«Ведь платить-то я буду людям не за красивые глаза, а за труд!» — думал Бабалы. И государство, в конечном счете, от подобной переплаты выигрывает. Уверенность в том, что их старания будут достойным образом вознаграждены, придаст рабочим и сил, и желания трудиться с еще большей отдачей. Если слесарь на моем участке выполнит порученную ему работу не за шесть часов, как положено, а за три и получит соответствующую прибавку к заработку, — кому от этого выгода, только ли самому слесарю? Нет, и стройке тоже! И государству — в целом! И ведь понимает это Алексей Геннадиевич, не может не понимать, он ведь руководитель и умный, и опытный, а вот поди ж ты — стращает меня приказами, нажимает на тормоза там, где нужно давать полный ход вперед, и, объективно, способствует не ускорению, а замедлению темпов строительства! Спроси его в открытую: вы хотите, чтобы участок остался без ремонтников? Ведь возмутится: я, мол, о ваших участках пекусь больше, чем о себе, все свои силы, все свое время отдаю заботам о строительстве. И всё вроде верно, а капитулируй я перед ним, и ремонтные дела на участке на какое-то время застопорятся, и увеличатся простои механизмов…

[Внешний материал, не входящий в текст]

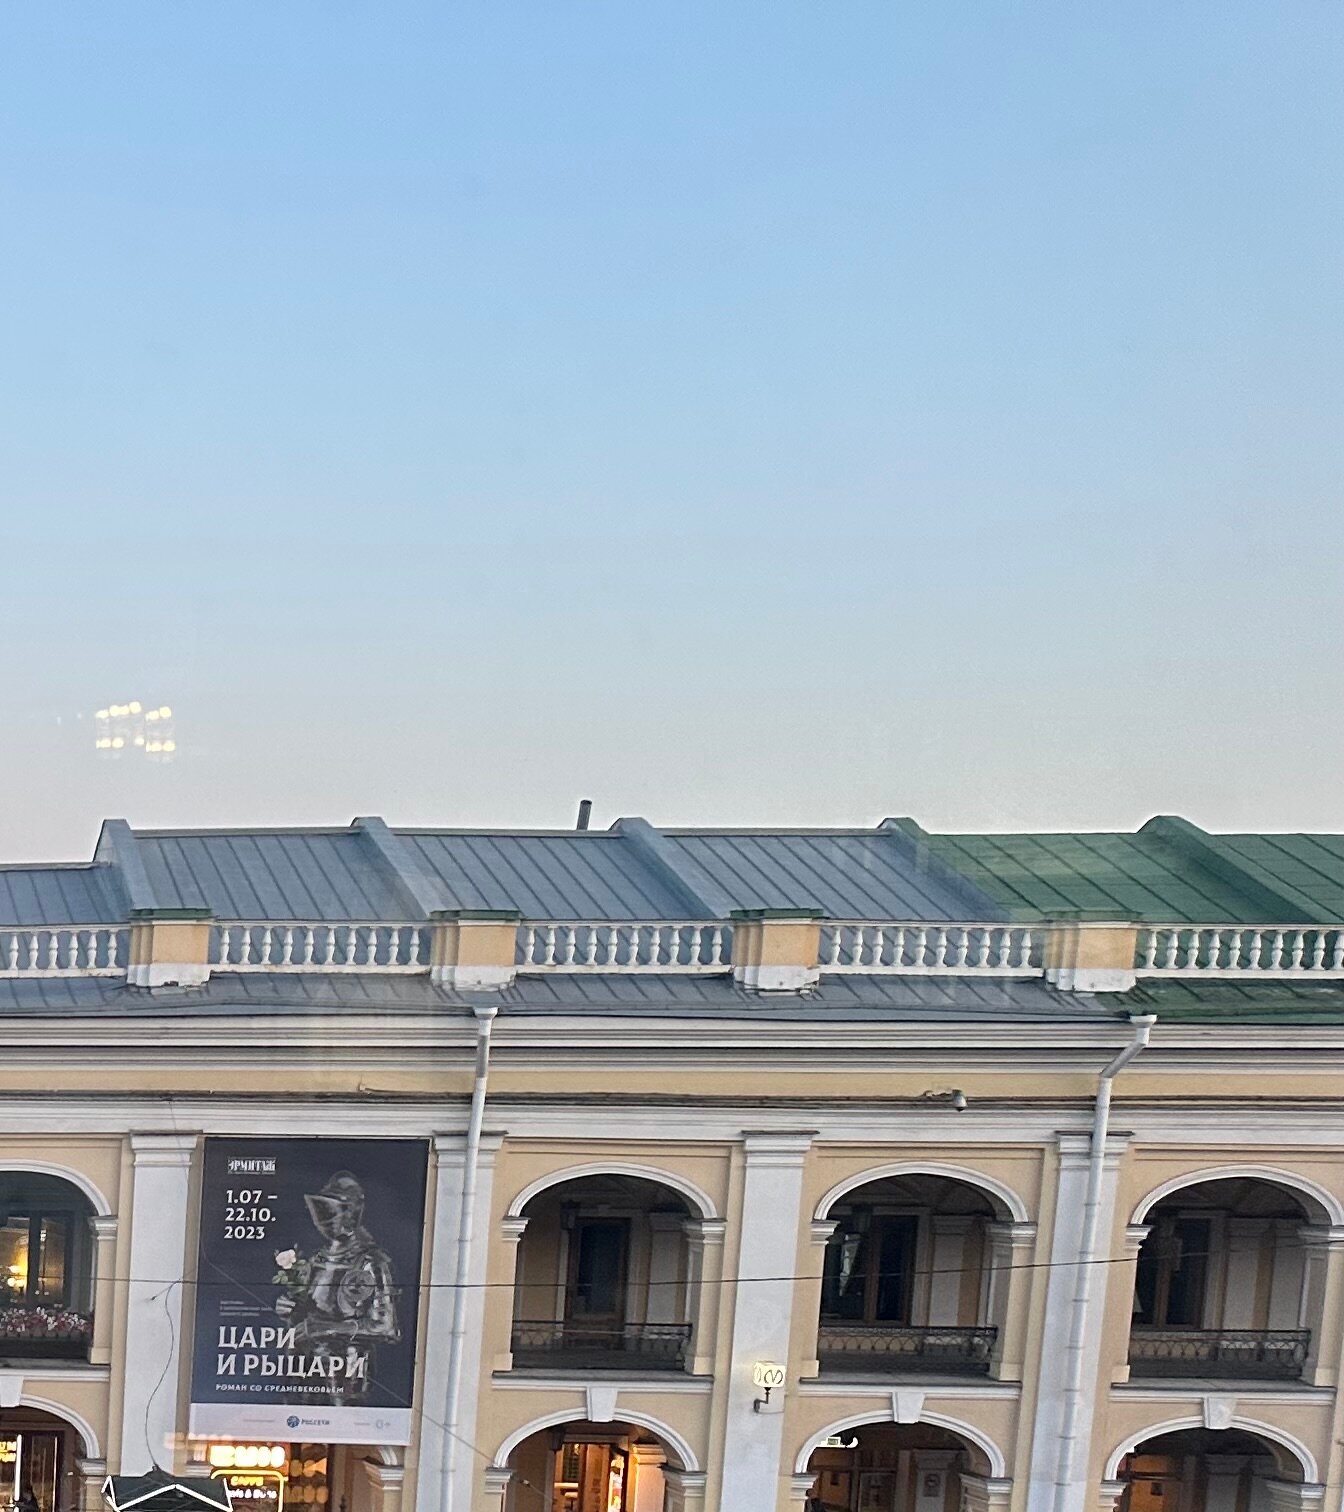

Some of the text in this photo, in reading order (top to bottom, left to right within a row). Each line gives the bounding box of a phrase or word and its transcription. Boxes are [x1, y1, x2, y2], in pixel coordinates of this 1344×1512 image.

Нет, он, Бабалы, не должен отступать. Отступить, чувствуя себя правым, — преступно.
Глава двадцать восьмая
МУХА В ПИАЛЕ С ЧАЕМ
джап пришлось вылететь в Ашхабад так неожиданно, что она даже не успела послать домой телеграмму.
Аэродром в Рахмете был небольшой, и самолеты он принимал и отправлял тоже небольшие. Особым комфортом они не отличались, пассажиры сидели на узких и длинных металлических скамейках, расположенных одна против другой.

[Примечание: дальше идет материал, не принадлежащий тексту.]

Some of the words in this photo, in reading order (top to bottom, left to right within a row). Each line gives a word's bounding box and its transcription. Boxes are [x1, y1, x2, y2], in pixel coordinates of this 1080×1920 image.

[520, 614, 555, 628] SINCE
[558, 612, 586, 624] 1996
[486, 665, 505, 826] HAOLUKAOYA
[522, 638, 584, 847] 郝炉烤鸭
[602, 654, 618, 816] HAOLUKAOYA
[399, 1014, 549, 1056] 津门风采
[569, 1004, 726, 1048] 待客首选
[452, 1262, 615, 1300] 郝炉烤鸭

«АН-10», в который попала Аджап, прибыл из Карамет-Нияза. Войдя в самолет, она сразу же увидела Дурдыева и подсела к нему, поскольку рядом оказалось свободное место. У парня было зеленое лицо и тоскующий взгляд.

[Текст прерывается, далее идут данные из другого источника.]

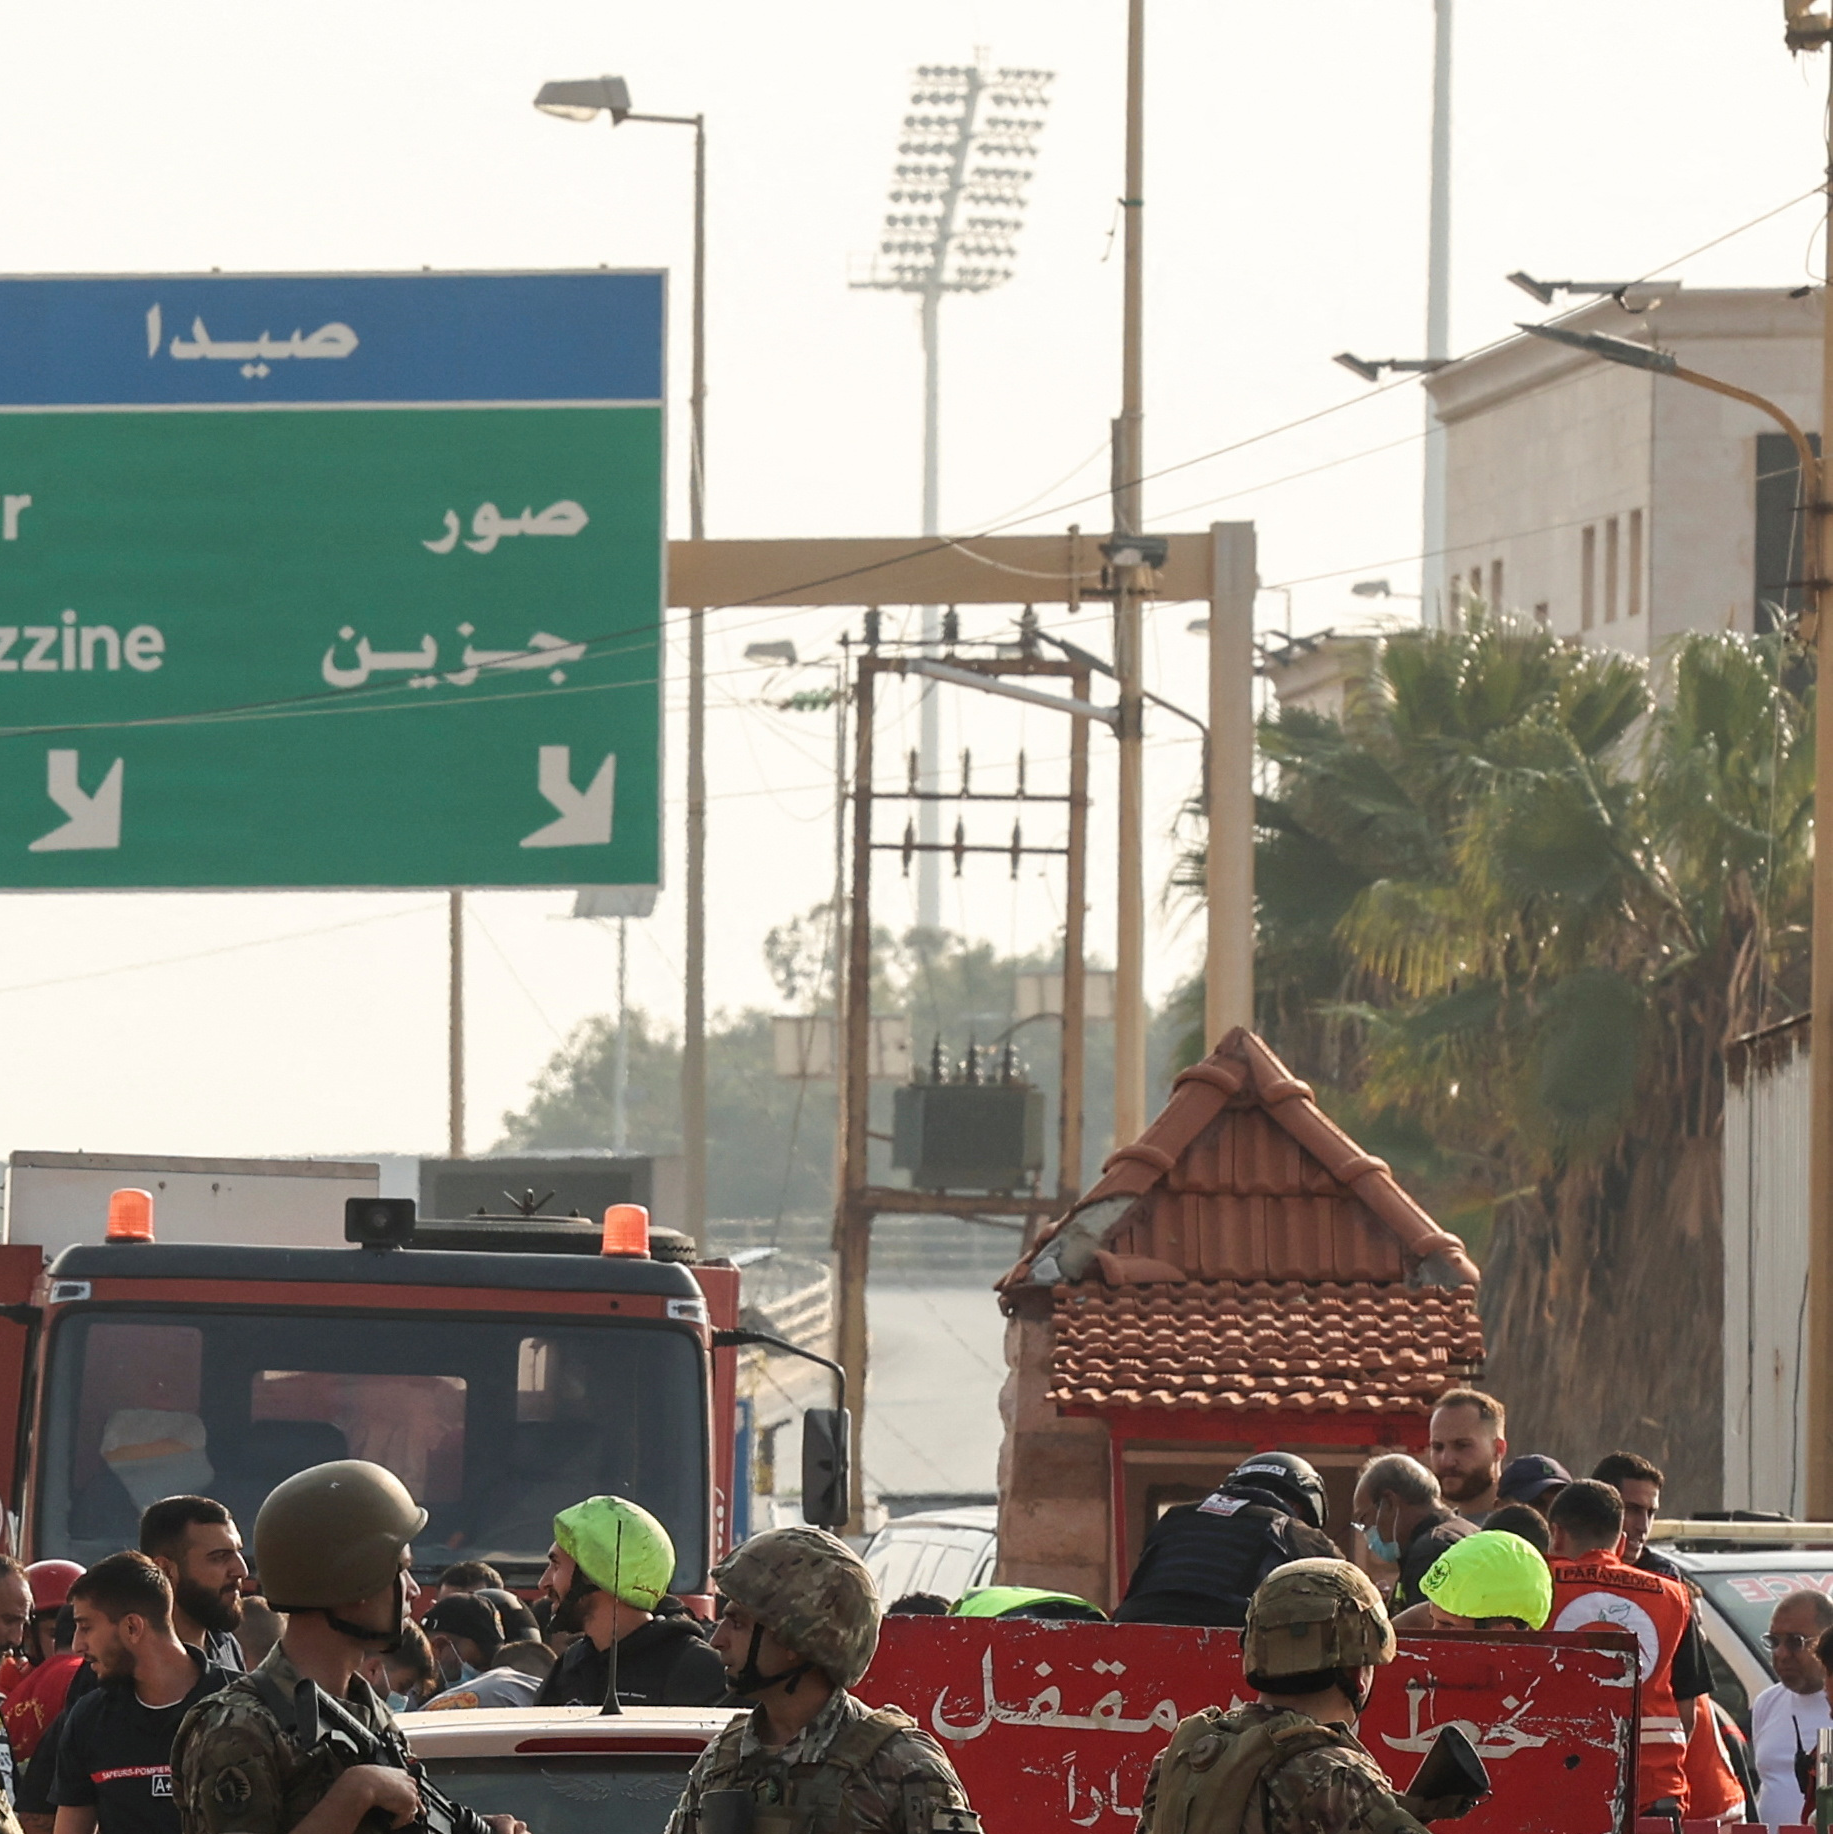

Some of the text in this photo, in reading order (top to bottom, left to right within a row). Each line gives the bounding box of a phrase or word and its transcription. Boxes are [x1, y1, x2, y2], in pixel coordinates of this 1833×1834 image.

[146, 303, 360, 379] صيدا
[422, 499, 590, 554] صور
[321, 622, 587, 690] جزين
[931, 1644, 1178, 1741] مقفل
[101, 1765, 172, 1780] SAPEURS-POMPIER

— Здравствуй, Аннакули. Что это с тобой, ты не болен? Вид — как у утопленника.
— Ох, Аджап, ты лучше меня не трогай. Дай умереть спокойно…
— Погоди умирать, ты еще нужен, чтоб других спасать от смерти. На тебя что, полет плохо действует?
— Для меня полет это пытка. Медленная казнь.
Аджап достала из кармана пакетик с конфетами:
— На пососи, это помогает. Мы как раз набираем высоту. Разговаривать тоже полезно, не так уши закладывает. Слушай, Аннакули-джан, почему ты согласился перевестись на мое место? Это Бабалы Артыкович тебя уговорил?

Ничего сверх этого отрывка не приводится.